Here, the Mined Land Reclamation Division entered into a settlement agreement with Mid-Continent pursuant to § 34-33-123, C.R.S. (1984 Repl.Vol. 14) and its powers to enforce the terms and conditions of its permit. However, this statute does not grant the Mined Land Reclamation Division authority to enforce the Water Quality Control Division permit. See § 25-8-102(4), C.R.S. (1989 Repl.Vol. 11A).

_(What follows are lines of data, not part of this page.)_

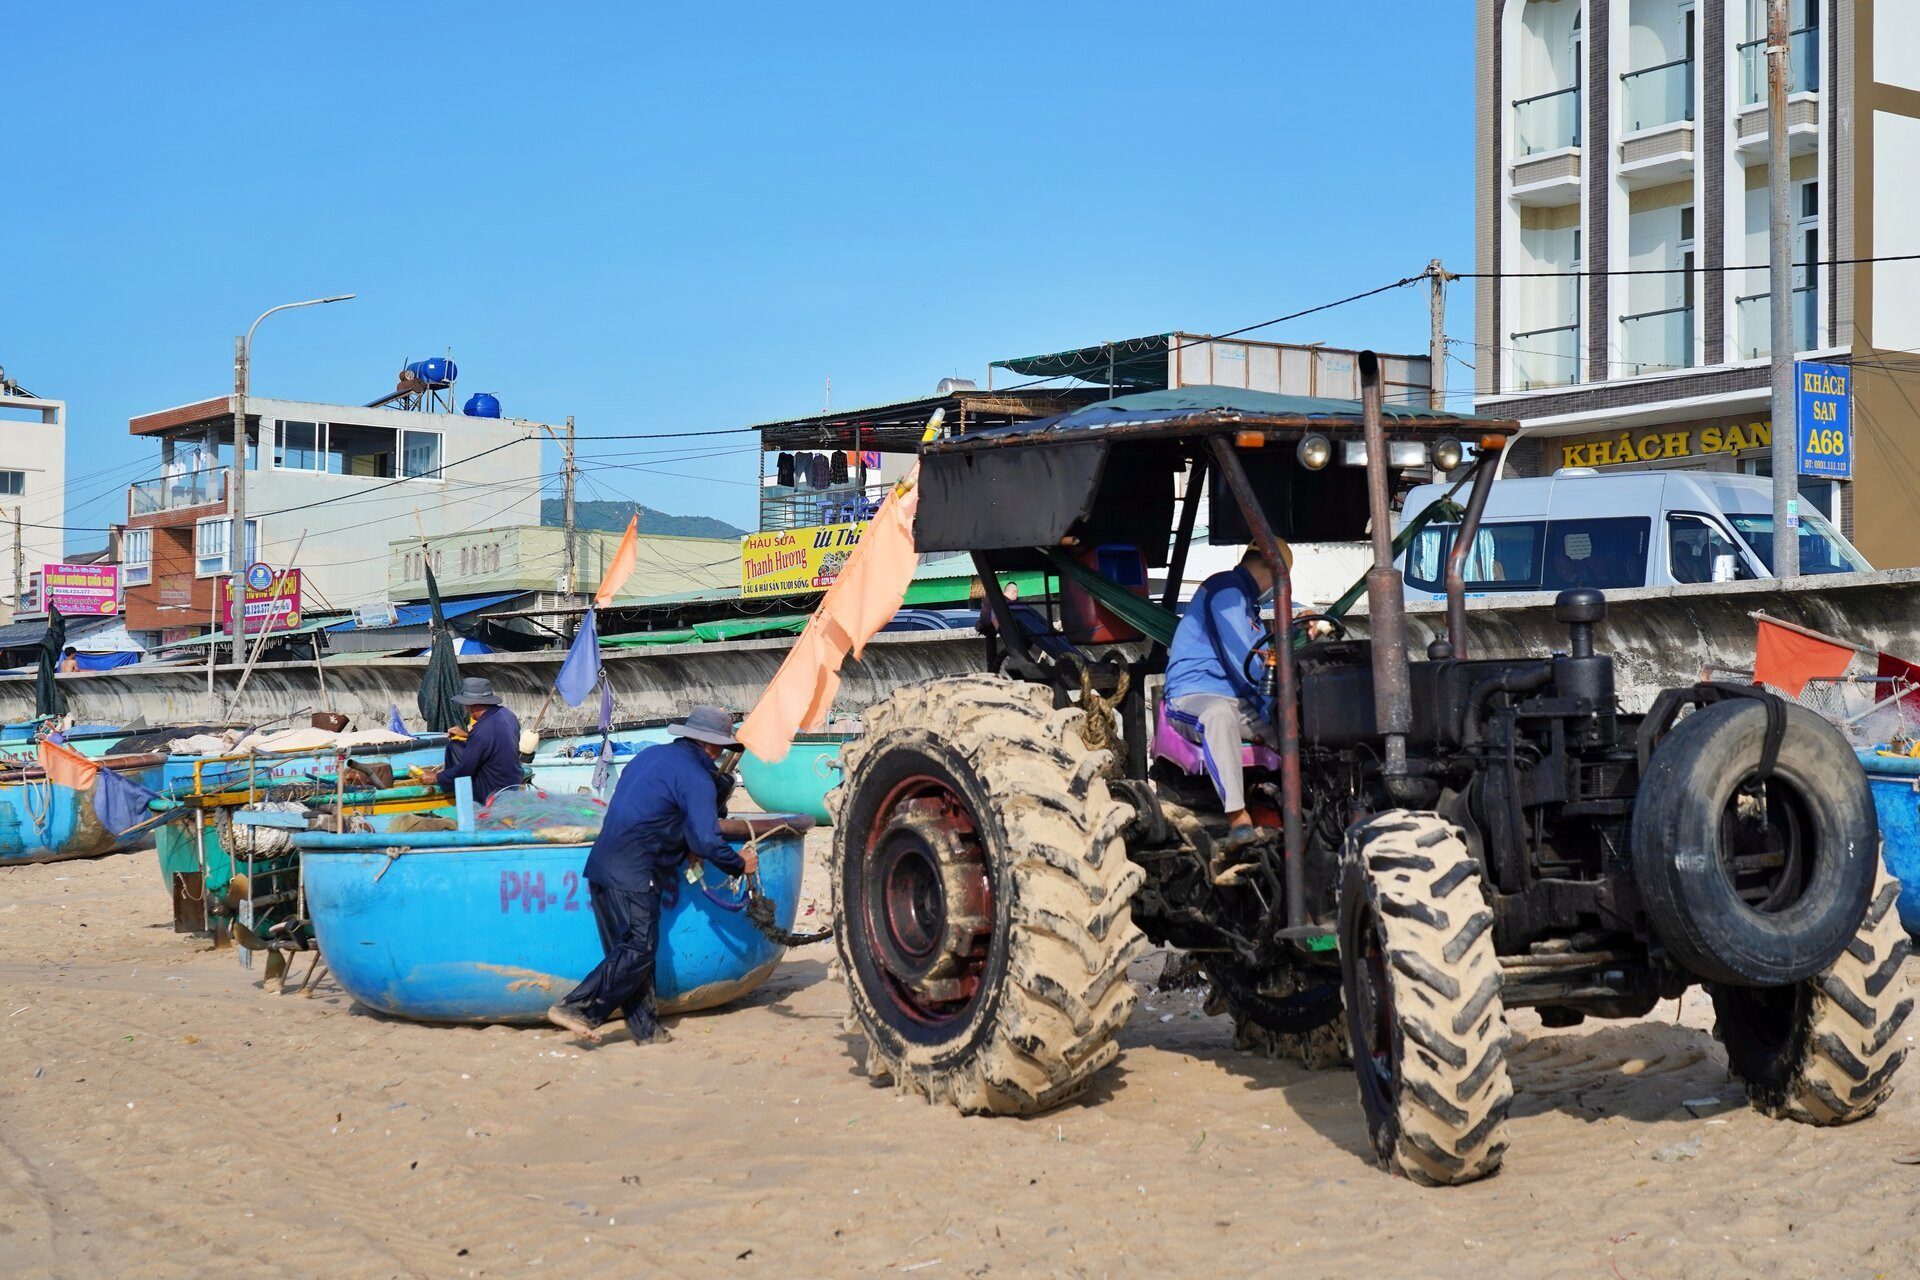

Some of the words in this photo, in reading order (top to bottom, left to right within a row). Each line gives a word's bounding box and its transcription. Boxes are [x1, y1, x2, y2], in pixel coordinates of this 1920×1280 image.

[1804, 370, 1846, 396] KHÁCH
[1813, 400, 1837, 425] SẠN
[1562, 431, 1690, 469] KHÁCH
[1700, 420, 1773, 458] SẠN
[1806, 428, 1845, 456] A68
[749, 537, 772, 550] HÀU
[745, 554, 774, 579] Thanh
[775, 548, 808, 569] Hương

Instead, with reference to the agencies charged with responsibility for water quality control, such as Mined Land Reclamation Division and the Water Quality Control Division, the General Assembly provided in § 25-8-202(7), C.R.S. (1989 Repl.Vol. 11A):

Activities subject to the jurisdiction of the implementing agencies that result in discharge to state waters shall be regulated as follows....
(a) The [Water Quality Control] commission shall be solely responsible for the adoption of water quality standards and classifications for state waters affected by such discharges. Except as set forth in paragraph (b) of this subsection (7), such classifications and standards shall be implemented by the implementing agencies, after consultation with the [Water Quality Control] division and the commission, through their own programs.
(b)(1) The [Water Quality Control] division shall be solely responsible for the issuance and enforcement of permits authorizing point source discharges to surface waters of the state affected by such discharges. (II) Neither the commission nor the [Water Quality Control] division shall require permits for, or otherwise regulate, other activities subject to the jurisdiction of the implementing agencies.... (emphasis added)

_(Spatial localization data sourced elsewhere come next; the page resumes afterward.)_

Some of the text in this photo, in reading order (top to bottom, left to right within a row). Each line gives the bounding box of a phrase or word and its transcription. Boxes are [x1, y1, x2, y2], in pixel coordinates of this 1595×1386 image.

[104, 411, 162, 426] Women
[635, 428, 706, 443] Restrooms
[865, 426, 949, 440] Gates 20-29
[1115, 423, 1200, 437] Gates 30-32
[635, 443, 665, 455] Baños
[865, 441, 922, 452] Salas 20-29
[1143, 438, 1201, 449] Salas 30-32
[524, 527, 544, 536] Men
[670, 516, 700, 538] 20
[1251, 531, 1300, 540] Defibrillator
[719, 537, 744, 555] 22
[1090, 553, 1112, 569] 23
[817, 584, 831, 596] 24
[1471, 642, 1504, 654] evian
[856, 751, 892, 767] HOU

Hence, we conclude that the doctrine of res judicata is not applicable here because only the Water Quality Control Division had statutory authority to determine whether Mid-Continent exceeded its permitted point *1389source discharges of the pollutants in question.

Contrary to Mid-Continent’s contention, we do not view Sunshine Anthracite Coal Co. v. Adkins, 310 U.S. 381, 60 S.Ct. 907, 84 L.Ed. 1263 (1940), as supporting the district court’s decision. In Sunshine, the Supreme Court held that the crucial determination is whether in the earlier litigation the representative of the United States had authority to represent its interests in a final adjudication of the issue in question. However, as noted, Mined Land Reclamation Division lacked this authority with reference to point source discharge of pollutants.

Finally, we agree with the district court’s conclusion that the prosecution of similar violations by separate agencies with the attendant cost, time, and expenditure of adjudicative resources does not comport with longstanding judicial policy. However, in our view, under the circumstances here, that issue is one for the General Assembly.

II

We also reject Mid-Continent’s alternative contention that a memorandum between the Water Quality Control Division and the Mined Land Reclamation Division in effect amended the language of the statutes relative to jurisdiction of permit violations. Even if we assume that the agencies had authority to enter into such an agreement, we conclude that there is record support for the hearing officer’s finding that, although there were some common elements to the violations of the two permits, each was within the separate purview of the Mined Land Reclamation Division and the Water Quality Control Division as defined by the memorandum of understanding between the two agencies.

The judgment is reversed, and the cause is remanded to the district court to reinstate the Department’s order.

METZGER, J., concurs. VAN CISE,* J., dissents.